Apologies in advance for the length--you may want to just browse the topic heading for ones of interest. It's helpful to see the breadth of research, which extends far beyond clinical trials, which tend to get the most media attention. [Bold emphases are my additions.]:

ApoE
2019 saw a resurgence of interest in ApoE...Mechanistically, ApoE4...was front and center in 2019. Alas, findings thus far are so complicated and sometimes contradictory that a clear story has not yet emerged. Over the last few years it became apparent that ApoE and TREM2 coordinate microglial responses in AD, switching them from homeostasis into a neurodegenerative state (Sep 2017 news; Feb 2015 conference news). Scientists learned that ApoE4 locks microglia into a homeostatic state, leaving the brain vulnerable to myriad pathologies. Others reported that while ApoE4 squelches microglial phagocytosis, it ramps up their inflammatory responses (May conference news; Sep news)... What, if anything, do microglia ablation experiments say about ApoE and human AD? People...accumulate more neurofibrillary tangles if they carry ApoE4, which also seems to hasten tangle-related memory loss (Nov news). Could this explain gender differences in AD? Among people with plaques who are cognitively healthy, women accumulate more tangles in the entorhinal cortex than do men, and ApoE4 exacerbates this sex difference (Feb news). Whether this revolves around microglia remains to be seen... In P301S-tau/ApoE4 mice, eliminating microglia prevented the spread of tau pathology and spared neurons from degenerating
Blood tests for Amyloid Beta positivity:
Blood is a more complex mixture than CSF; its Aβ42 concentration is 10-fold lower, and peripheral cells release their own Aβ into blood...Inconsistencies across assays—which have to perform near their detection limit to pick up a solute that also rises and falls on the tides of biological parameters such as blood pressure, diabetes, diet, or exercise—prompt leaders in the field to urge a thoughtful stepwise deployment of these tests, first with limited applications such as clinical trials and population-based studies.
Microglia
2019 was the year of the microglia...researchers got a better handle on how variants in ApoE, TREM2, CD33, Bin1, the MS4A gene cluster, and progranulin either soothe microglia into a homeostatic state, or aggravate them into a cytokine-spewing one...Bolstering the idea that TREM2 shedding is protective, people with plaques were sharper if their CSF [cerebral spinal fluid] sTREM2 was high
Exercise
New evidence from large observational studies further cemented the well-accepted idea that physical activity protects against all-cause dementia...Among people older than 50, more physical activity associated with reduced AD biomarker and markedly less dementia over five to14 years in U.S., U.K., and Chinese cohorts...In a long-standing observational cohort in New York City, people who had exercised vigorously since their teenage years were 60 percent less likely to develop dementia decades later.
Sleep
Rhythms from without the brain might help, too. Rocking like a baby deepens sleep in adults, as well, extending time in non-rapid eye movement sleep and improving memory ...Longer waves, in the 40 Hz range, may be important during waking hours...In 2019, sound was reported to achieve the same synchronicity in the auditory cortex and hippocampus, and sound and light together reportedly caused synchronicity deep in the sensory cortex, where it stimulated microglia to remove Aβ.

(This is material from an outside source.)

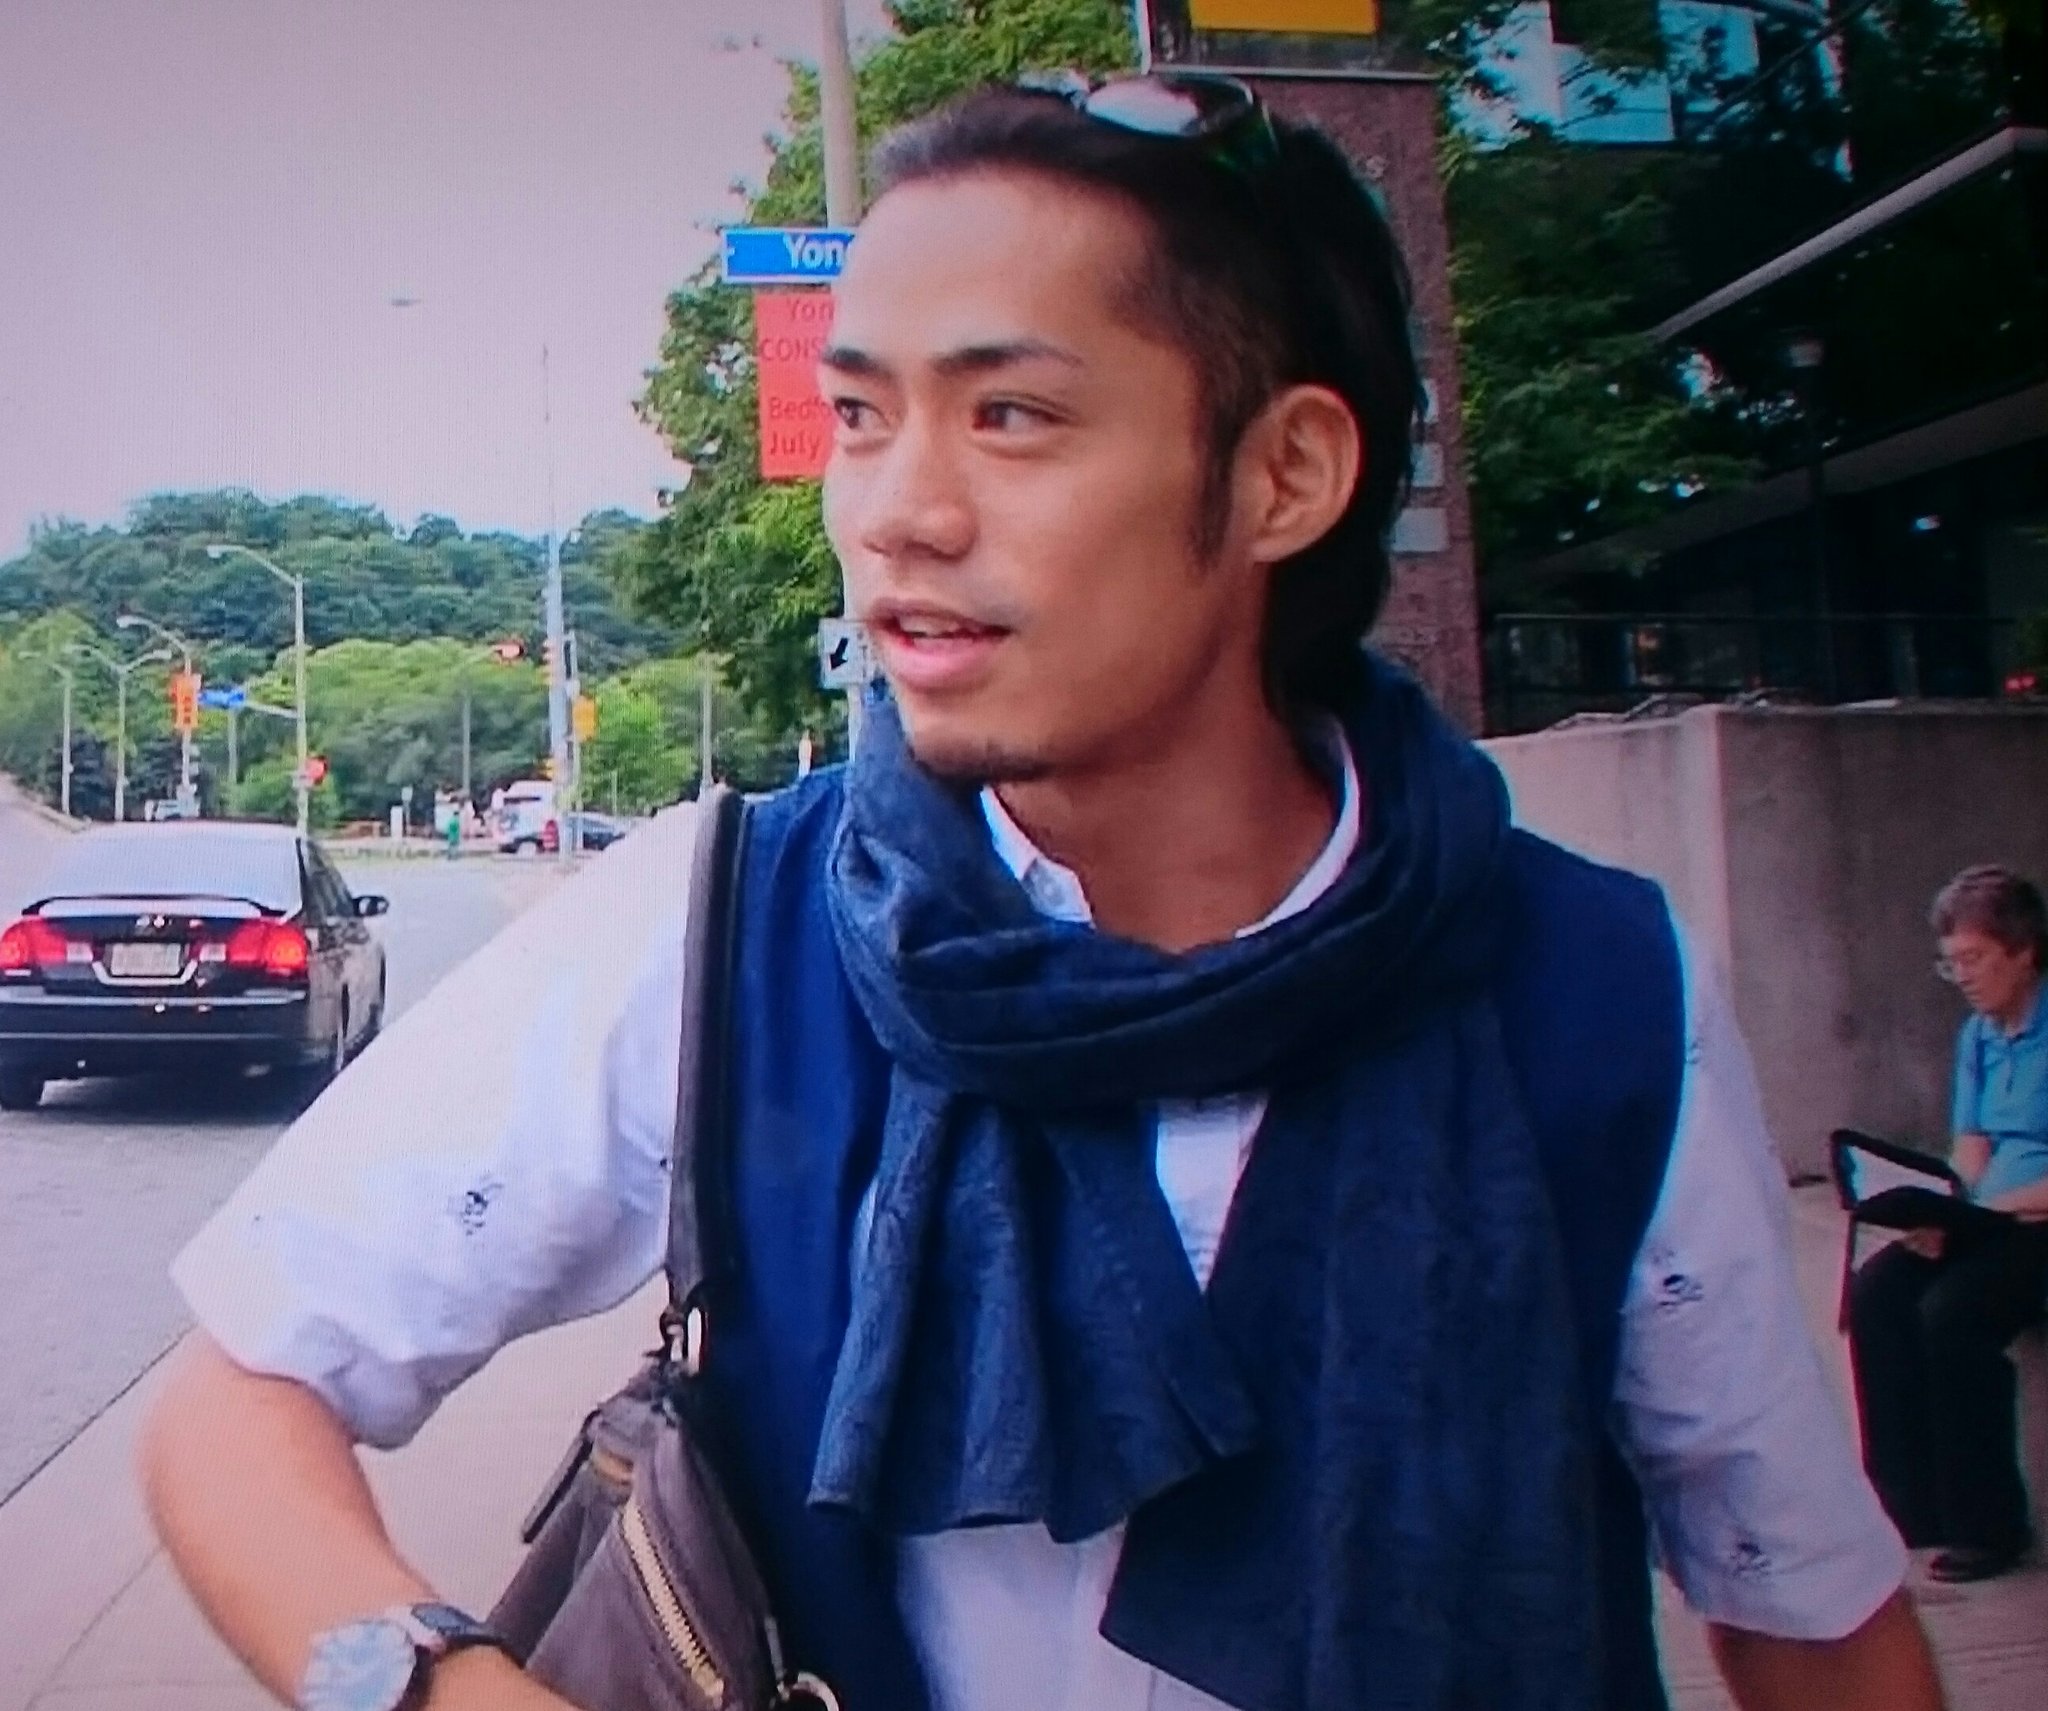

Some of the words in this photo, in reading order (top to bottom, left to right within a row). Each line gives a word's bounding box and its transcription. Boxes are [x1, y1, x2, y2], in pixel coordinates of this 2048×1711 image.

[783, 233, 844, 269] Yon
[786, 300, 835, 321] Yon
[770, 431, 821, 461] July

Transcriptomics [per wikipedia, the study of an organism's transcriptome, the sum of all of its RNA transcripts]
Spatial transcriptomics emerged as a way to correlate changes in gene expression at the cellular level with neuropathology, perhaps offering an answer to the old question about why specific regions of the brain are more vulnerable in specific age-related neurodegenerative diseases. This method uncovered an upregulated network... The network includes known AD genes, such as TREM2 and APOE, but also 36 not previously linked to plaques.

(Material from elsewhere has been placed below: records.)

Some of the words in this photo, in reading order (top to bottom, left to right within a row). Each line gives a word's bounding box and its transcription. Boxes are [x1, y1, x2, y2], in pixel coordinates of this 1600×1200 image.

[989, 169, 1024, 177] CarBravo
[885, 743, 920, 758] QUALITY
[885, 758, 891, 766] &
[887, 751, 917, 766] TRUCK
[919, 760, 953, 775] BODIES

Vascular Risk and Prevention
In the British Birth Cohort, a group of people studied since they were born in 1947, vascular problems as early as their 30s put them at risk for dementia late in life. They are now 72. Importantly, their vascular risk did not correlate with brain amyloid deposition, reinforcing separate etiologies for AD and other types of dementia
The Sprint MIND hypertension control trial results were published, and a two-year follow-up study started...lowering systolic blood pressure to 120 mmHg for three years in people over 50 nudged down their subsequent rate of MCI by 20 percent. The follow-up will look for a longer-lasting effect on dementia.
Aducanumab (amyloid beta antibody)
Midway through the trials, Biogen had introduced protocol changes. One allowed ApoE4 carriers to now receive the highest dose of 10 mg/kg, whereas initially they had been capped at 6 mg/kg over concerns about ARIA; another allowed ApoE4 carriers to resume their original aducanumab dose after their ARIA had resolved. Essentially, these changes increased drug exposure over time in some of the later enrollees, but not earlier enrollees, especially in EMERGE, which started after ENGAGE did. In the former, Biogen reported a slowing of cognitive decline by a quarter and functional decline by 40 percent in people on the highest dose. This was not seen in ENGAGE, however.

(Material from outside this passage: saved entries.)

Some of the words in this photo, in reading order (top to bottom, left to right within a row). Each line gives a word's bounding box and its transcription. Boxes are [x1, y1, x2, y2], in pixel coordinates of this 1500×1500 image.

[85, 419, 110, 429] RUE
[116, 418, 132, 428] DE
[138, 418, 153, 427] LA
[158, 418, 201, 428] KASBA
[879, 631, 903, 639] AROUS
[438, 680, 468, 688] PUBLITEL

Amyloid beta immunotherapies:
Other Aβ immunotherapies, especially the antibodies BAN2401, gantenerumab, and donanemab, all appear to push brain amyloid below the threshold of positivity, as well, and possibly even keep it there for a few years after antibody treatment is stopped... Scientists uniformly welcomed the current trend of calling immunotherapy trial participants back for open-label extensions to watch how their amyloid load, disease progression, and potential side effects unfold over several years.
Inhibition of cytokines:
The epigenetic drug apabetalone, on the other hand, may quell brain inflammation indirectly, by acting not in the brain but in the blood. By blocking transcriptional machinery, this drug shuts down hundreds of genes, including pro-inflammatory cytokines made by endothelial cells (see image below). It is being tested primarily in cardiovascular disease, but in a cognitive sub-study seemed to help people with mild cognitive impairment or early dementia.
Novel therapeutic targets:
[T]he past year saw innovation in the form of NDX-1017, a small molecule that induces the neuroprotective HGF/MET receptor, and gemfibrozil, a cheap old fibrate drug that activates the PPARα nuclear receptor. Both managed respectable results in well-designed Phase 1 trials and are moving forward...
Non-steroidal anti-inflammatory prevention
2019 brought ups and down for anti-inflammatory strategies. The coffin finally closed on the idea that nonsteroidal anti-inflammatory drugs can prevent Alzheimer’s disease, when the INTREPAD trial failed (Apr news). Two years of naproxen in asymptomatic people at high risk for AD made no difference on cognition, structural or functional brain imaging, or CSF Aβ, total or phospho-tau, all the while causing significant gastrointestinal and cardiovascular side effects.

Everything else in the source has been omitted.